FBI name checks have become the elephant in the room in U.S.C.I.S.
adjudications as there are now acknowledged large numbers of applicants
for adjustment of status to permanent residence or naturalization
whose cases cannot be adjudicated because of the failure of the
FBI to complete name check clearances on a timely basis for U.S.C.I.S.

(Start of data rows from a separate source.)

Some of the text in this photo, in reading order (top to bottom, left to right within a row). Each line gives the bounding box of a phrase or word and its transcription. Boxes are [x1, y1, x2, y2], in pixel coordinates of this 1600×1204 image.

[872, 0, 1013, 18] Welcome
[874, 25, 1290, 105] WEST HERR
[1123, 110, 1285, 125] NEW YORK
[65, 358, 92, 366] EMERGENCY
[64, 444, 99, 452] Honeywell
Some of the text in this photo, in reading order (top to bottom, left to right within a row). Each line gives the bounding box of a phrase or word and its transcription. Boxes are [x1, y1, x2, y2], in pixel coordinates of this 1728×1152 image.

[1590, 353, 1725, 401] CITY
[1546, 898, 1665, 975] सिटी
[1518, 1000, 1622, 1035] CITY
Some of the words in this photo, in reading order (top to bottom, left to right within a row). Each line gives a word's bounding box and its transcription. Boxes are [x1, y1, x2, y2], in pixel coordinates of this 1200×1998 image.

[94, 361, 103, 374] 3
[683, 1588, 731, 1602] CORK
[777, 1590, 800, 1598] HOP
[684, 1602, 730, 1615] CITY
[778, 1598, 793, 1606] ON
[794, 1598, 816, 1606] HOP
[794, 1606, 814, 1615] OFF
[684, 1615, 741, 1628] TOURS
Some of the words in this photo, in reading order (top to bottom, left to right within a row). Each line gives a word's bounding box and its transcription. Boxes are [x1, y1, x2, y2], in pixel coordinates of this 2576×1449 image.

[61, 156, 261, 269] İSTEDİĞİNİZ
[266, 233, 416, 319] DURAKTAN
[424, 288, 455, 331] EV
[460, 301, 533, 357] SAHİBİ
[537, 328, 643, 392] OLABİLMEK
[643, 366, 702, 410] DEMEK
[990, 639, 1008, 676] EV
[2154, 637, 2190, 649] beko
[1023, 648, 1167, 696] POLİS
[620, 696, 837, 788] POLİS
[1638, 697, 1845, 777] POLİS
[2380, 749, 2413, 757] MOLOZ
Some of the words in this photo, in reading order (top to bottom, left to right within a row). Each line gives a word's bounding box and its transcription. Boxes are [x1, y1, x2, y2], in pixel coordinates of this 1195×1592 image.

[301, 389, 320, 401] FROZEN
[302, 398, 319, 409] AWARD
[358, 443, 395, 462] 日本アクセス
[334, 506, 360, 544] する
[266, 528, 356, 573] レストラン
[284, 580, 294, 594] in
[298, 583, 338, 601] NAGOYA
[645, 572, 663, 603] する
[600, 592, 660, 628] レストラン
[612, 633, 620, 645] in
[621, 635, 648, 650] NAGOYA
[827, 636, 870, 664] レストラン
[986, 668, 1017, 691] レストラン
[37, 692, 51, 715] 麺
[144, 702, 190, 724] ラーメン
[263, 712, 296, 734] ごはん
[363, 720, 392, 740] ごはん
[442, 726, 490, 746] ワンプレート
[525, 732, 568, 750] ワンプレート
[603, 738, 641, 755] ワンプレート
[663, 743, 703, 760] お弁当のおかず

Michael Aytes, associate director of domestic operations for U.S.C.I.S,
informed the audience at the Spring Conference of the American Immigration
Lawyers Association on March 16, 2007, that 261,000 cases are pending
FBI checks as of January 2007. The agency does not appear to have
a solution as seen in the interoffice memorandum of December 21,
2006 by Mr. Aytes, "FBI Name Check Policy and Process Clarification
for Domestic Operations" that requests for expedite can only
be for military deployment, ageout cases not covered under the provisions
of the Child Status Protection Act (CSPA) and applications affected
by sunset provisions such as diversity visas (DV's), compelling
reasons as provided by the requesting office (e.g.-critical medical
conditions), and loss of Social Security benefits or other subsistence
in the discretion of the District Director. The memo further notes
that mandamus filings will no longer be routinely expedited. (However,
it should be noted that at least one official of U.S.C.I.S. has
suggested that part of the proposed fee increase would be used to
fully fund the FBI background checks).
S. 795 would implement a system for timely completion of background
checks under which the FBI would make a reasonable effort to complete
background checks within 90 days of receiving the request from U.S.C.I.S.;
the Attorney General should document the reason why a background
check was not completed if it reaches the 91st day without completion;
after 121 days, the Attorney General must document the reason why
the background check was not completed before that date; that if
the check goes on for 181 days, the Attorney General must submit
no later than 210 days a report to appropriate congressional committees
and the Secretary of Homeland Security describing the reasons why
the background check was not completed within 180 days and the earliest
date on which the Attorney General is certain that the background
check will be completed. If the Secretary of Homeland Security receives
such report from the Attorney General, the Secretary is to provide
the applicant a copy of the report, redacted to remove any classified
information.
Hopefully this legislation can be passed as the two above subjects
are of prime concern to many people seeking immigration benefits.